- WHAT YOU ARE ASKED TO DO -
Your task is to extract every entry that follows word for word while excluding the pictures.

────────────────────

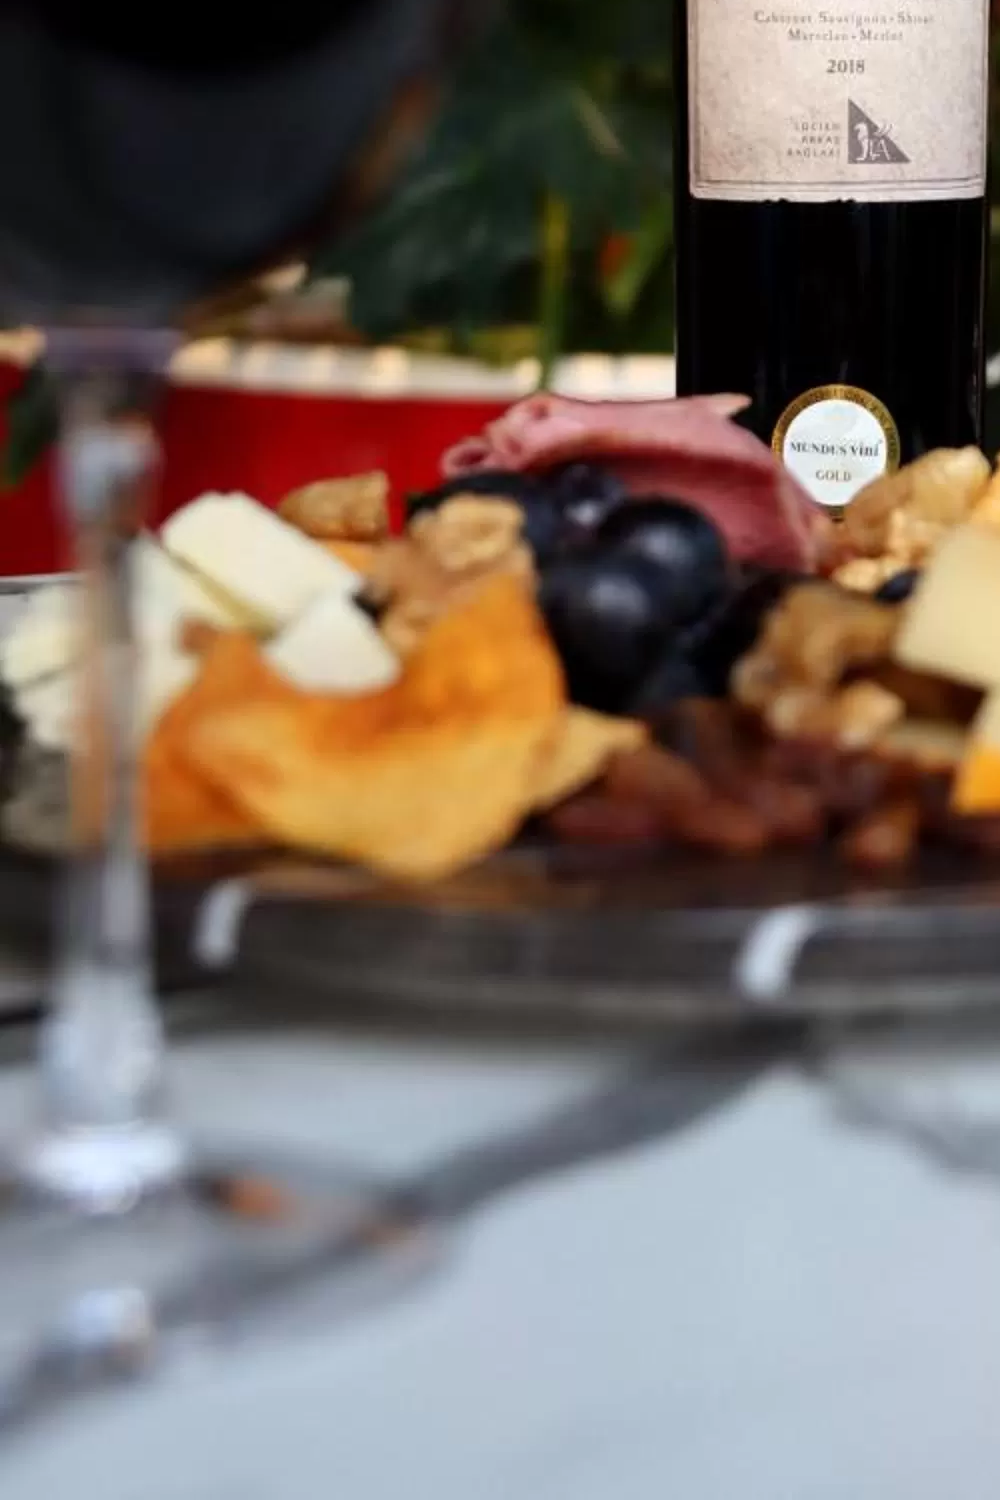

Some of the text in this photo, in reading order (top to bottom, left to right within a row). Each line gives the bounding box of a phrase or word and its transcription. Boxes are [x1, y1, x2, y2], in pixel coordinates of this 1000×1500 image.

[754, 10, 812, 24] Cabernet
[826, 59, 866, 74] 2018
[790, 441, 847, 457] MUNDUS
[815, 468, 853, 482] GOLD
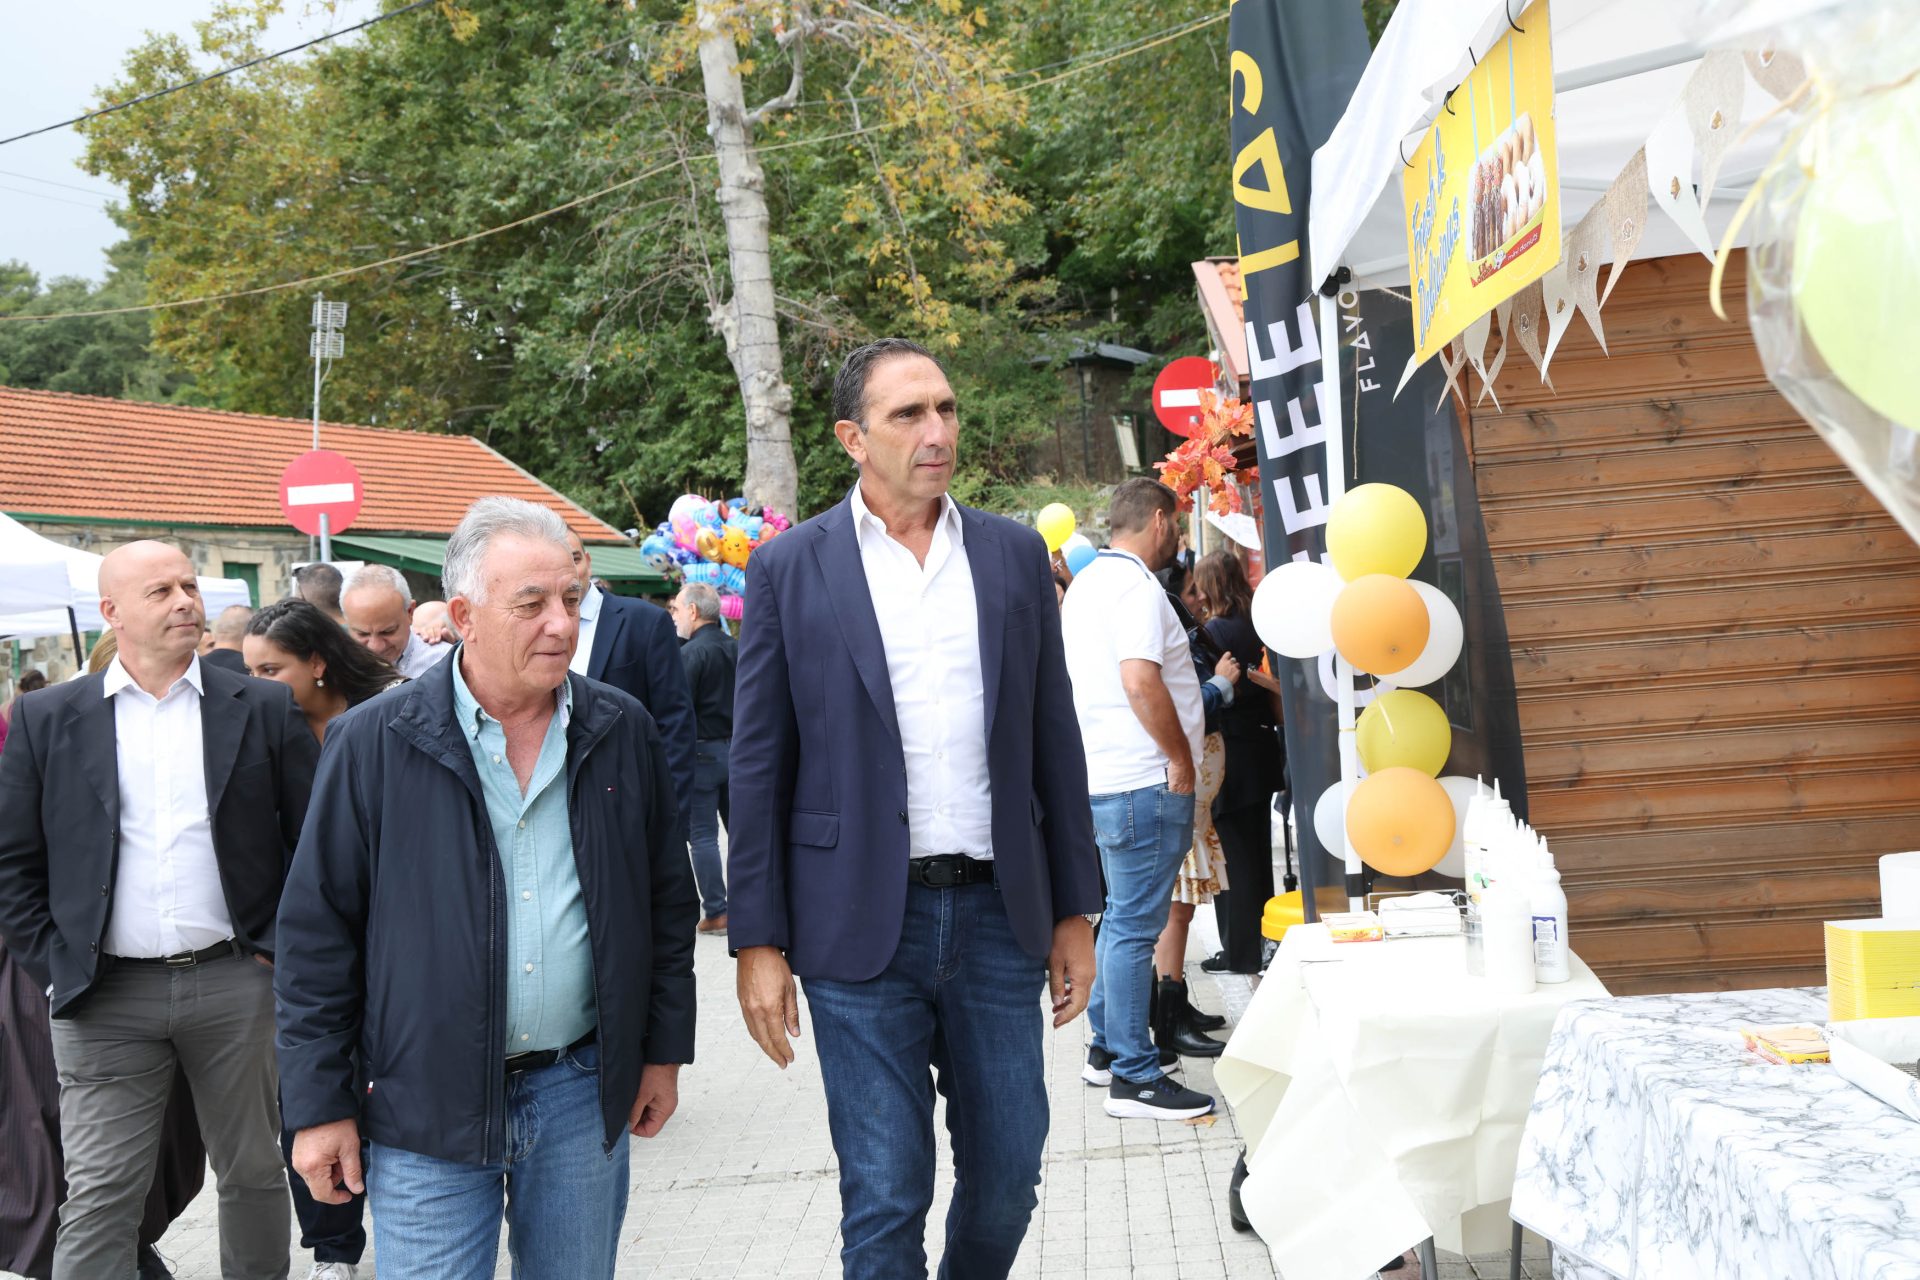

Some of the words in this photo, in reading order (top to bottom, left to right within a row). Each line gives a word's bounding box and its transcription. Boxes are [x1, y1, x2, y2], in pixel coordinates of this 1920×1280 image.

[1230, 0, 1300, 301] TAS
[1412, 156, 1437, 276] Fresh
[1417, 196, 1460, 349] Delicious
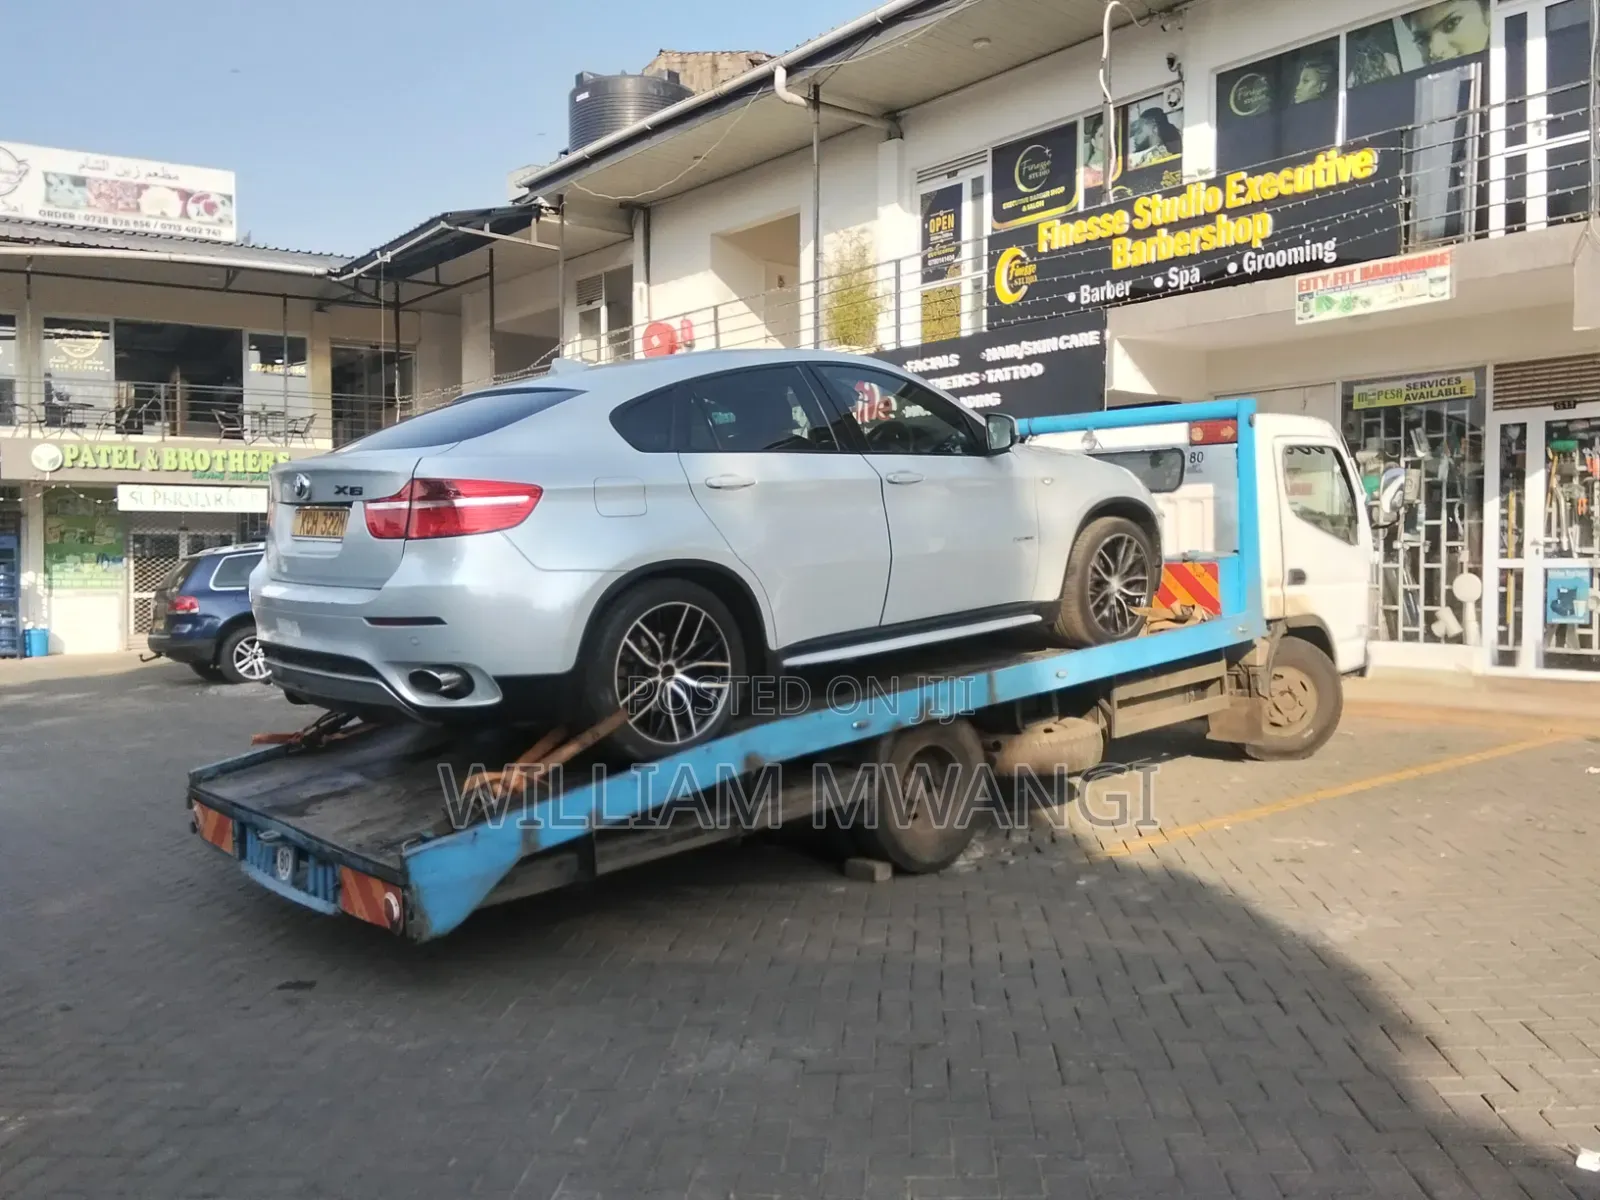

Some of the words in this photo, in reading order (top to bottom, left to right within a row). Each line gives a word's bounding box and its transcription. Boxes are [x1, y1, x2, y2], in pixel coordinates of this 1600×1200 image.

────────────────────

- RESPONSE -
Some of the text in this photo, in reading order (top to bottom, left to right within a row). Each line gives the bounding box of a phrase or word and its transcription. Boxes are [x1, y1, x2, y2], in pixel coordinates of this 1000×1500 image.

[754, 10, 812, 24] Cabernet
[826, 59, 866, 74] 2018
[790, 441, 847, 457] MUNDUS
[815, 468, 853, 482] GOLD

Some of the words in this photo, in reading order (top to bottom, left to right within a row). Each line gives a word's bounding box and its transcription. Boxes are [x1, y1, x2, y2], in pixel coordinates of this 1920×1280 image.

[1230, 0, 1300, 301] TAS
[1412, 156, 1437, 276] Fresh
[1417, 196, 1460, 349] Delicious

Some of the words in this photo, in reading order (top to bottom, left to right within a row). Each line gives a word's bounding box and its transcription. Boxes are [x1, y1, x2, y2], in pixel coordinates of this 1600×1200 image.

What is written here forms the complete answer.